The History Publication

We have divided the full publication into five sections for easier download.

History Section 1
Lifeline, Roy Ross: A Brief Portrait, Family (368k)

History Section 2
The Working Men's College, Military Service, Years with the Shires (600k)

History Section 3
The Warragul Projects, After Hours, Trees and Golf (748k)

History Section 4
The Investor, The Quarries, The Quarry and The Trust (240k)

History Section 5
An Enduring Trust, Acknowledgements (280k)
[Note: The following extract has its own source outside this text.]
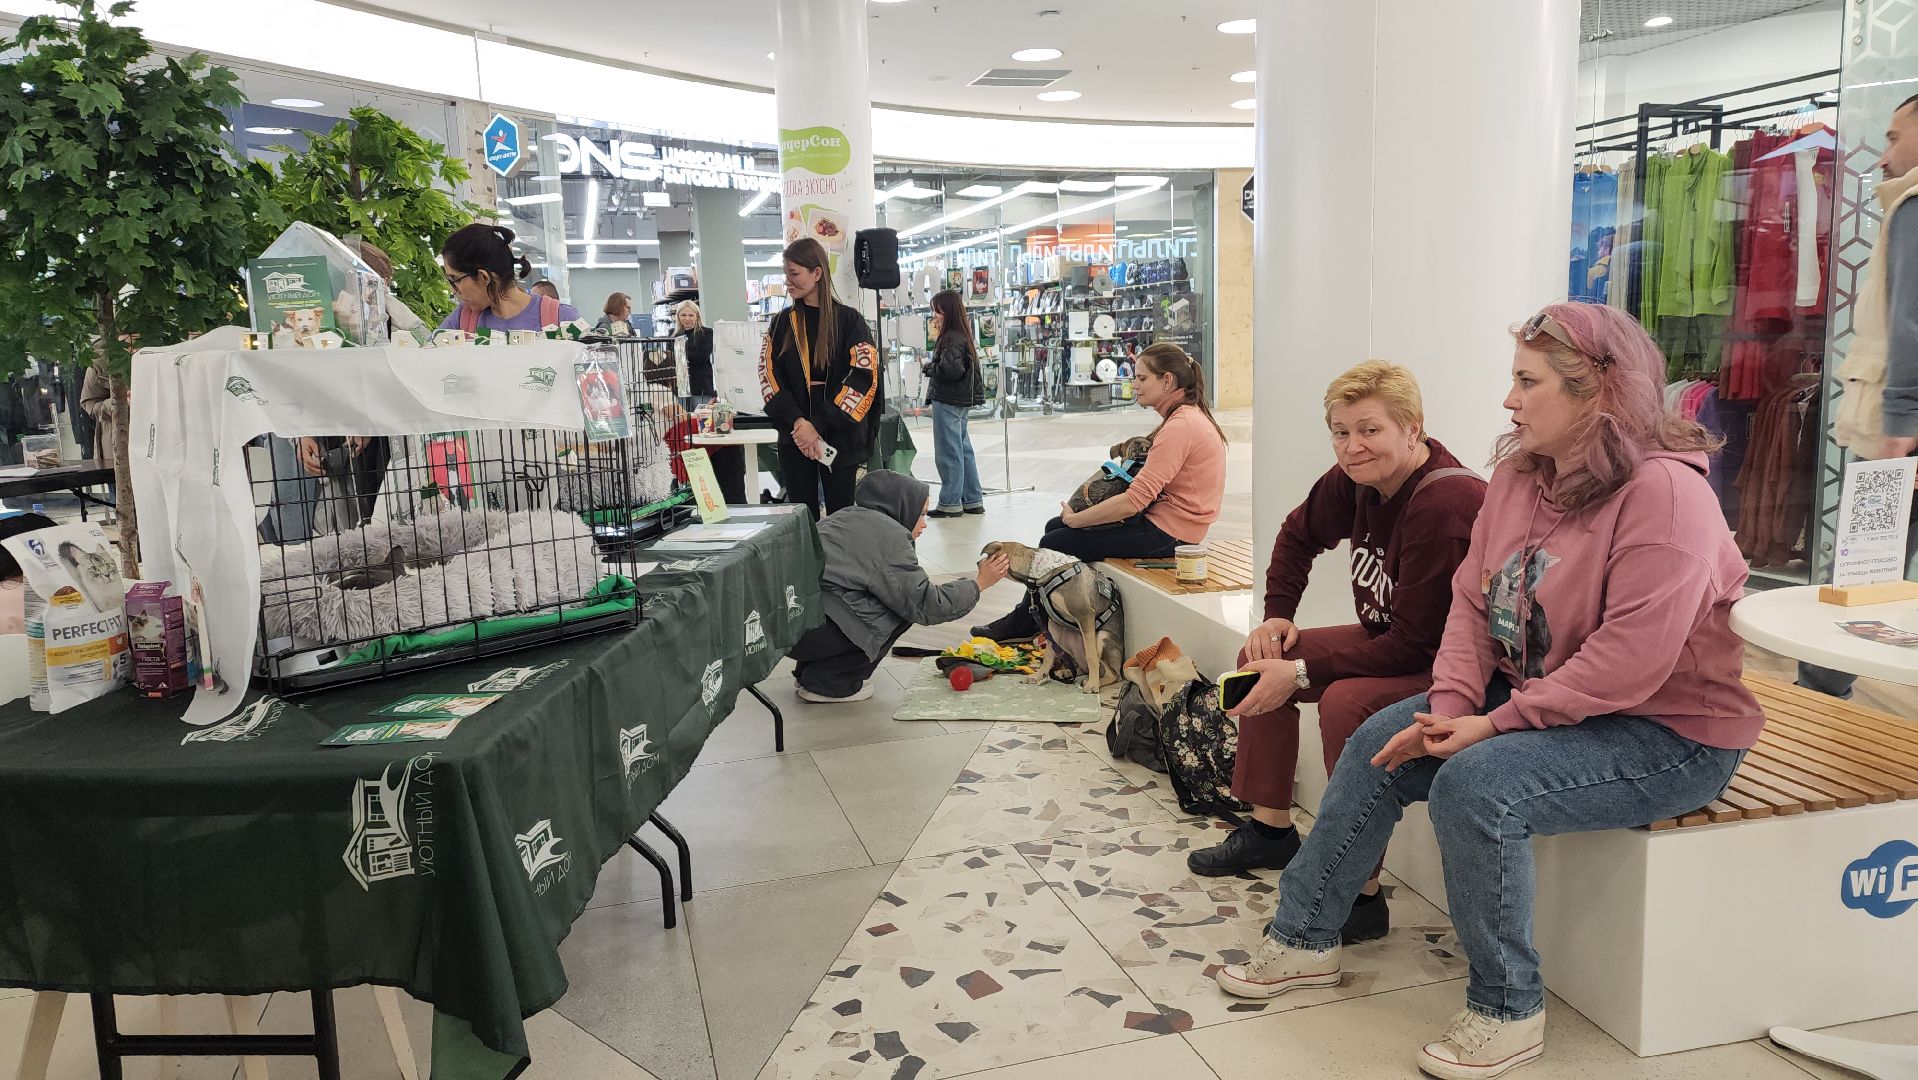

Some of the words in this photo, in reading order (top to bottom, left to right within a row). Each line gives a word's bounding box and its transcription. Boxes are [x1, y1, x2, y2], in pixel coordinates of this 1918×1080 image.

The commissioned History of R.E. Ross and the Trust was launched by the Governor of Victoria, John Landy AC, MBE, at The State Library of Victoria on 15 July 2003.


The Founder
the founder Roy Everard Ross was born in July 1899 at Mansfield, Victoria and died in Melbourne in November 1970. He trained as a land surveyor and engineer and went on to become a very successful Local Government engineer, property owner, businessman and investor. He served as a Captain in the Australian Naval and Military Expeditionary Force in New Guinea following World War One.

In 1959, Mr Ross founded Bayview Quarries and became Chairman of Directors. After its takeover by Boral Ltd. in 1968, he formed Hillview Quarries Pty. Ltd. to operate an existing quarry at Dromana. Hillview Quarries continues to be owned by the Ross Trust and generates income for distribution by the Trust as grants.

Mr Ross was a keen bushman, had an extensive knowledge of native plants and trees, and made a study of the habits of birds and their calls.

A brief history
The R E Ross Trust was established in Victoria in 1970 by the will of Roy Ross. The will provides for five Trustees to manage the assets of the Trust and to distribute the Trust's income.

When it came to making grants, the First Trustees decided to concentrate the Trust's activities in three fields and to "give priority to particular projects rather than merely making donations to established agencies and institutions". The three fields were: "Social Welfare, with particular regard to assistance to the disadvantaged in breaking the circles in which they are caught and which result in poverty..."; "Nature Conservation, with particular regard to the purchase of land for the protection and preservation of flora and fauna"; and "Education of Foreign Students, with particular regard to students from Melanesia."

To June 2003, the Trust had approved around 3,150 grants totalling almost $52.5 million.

Over the years the Trust has continued a policy of each year mixing smaller grants for many organisations with larger grants, often multi-year and in partnership with other donors, for a smaller number of particular projects. In the area of social welfare, the focus has always been on those who are most disadvantaged. Some examples are Children and families - through a range of community services such as child care, counselling, peer education and support, child protection, help-lines, Drug and alcohol abuse - by supporting drug education and rehabilitation services, providing funds for the ground-breaking research of the Drug Policy Expert (Pennington) Committee into the risk factors for addiction in young people, funding pioneering work into the needs of the children of drug addicted parents.

Since its establishment, the Trust has made many grants for the purchase of land and the support of other conservation projects throughout Victoria. At June 2002 grants of around $6.4 million had been made. The crowning achievement of the Trust in 2002 was to enable Trust for Nature to purchase Ned's Corner Station in Northwest Victoria. Believed to be the largest Victorian property in private ownership and comprising 25,000 hectares including 14 kilometres of Murray River frontage, the purchase is of immense significance to conservation in Victoria.

In the area of Education of Foreign Students, the First Trustees undertook research into this area before making their first grant in 1973, in partnership with a number of others, to Monash University. Grants in this area to June 2002 had totalled nearly $3.25 million, of which almost $2.64 million had gone towards the Trade Education Project or as it became known, The R E Ross Trust Fellowship Program. That Program provided for specialised, short term enhancement of trade skills and instruction techniques of adults from small South Pacific Island countries from 1987 to 2006 and from East Timor from 2000 to 2004.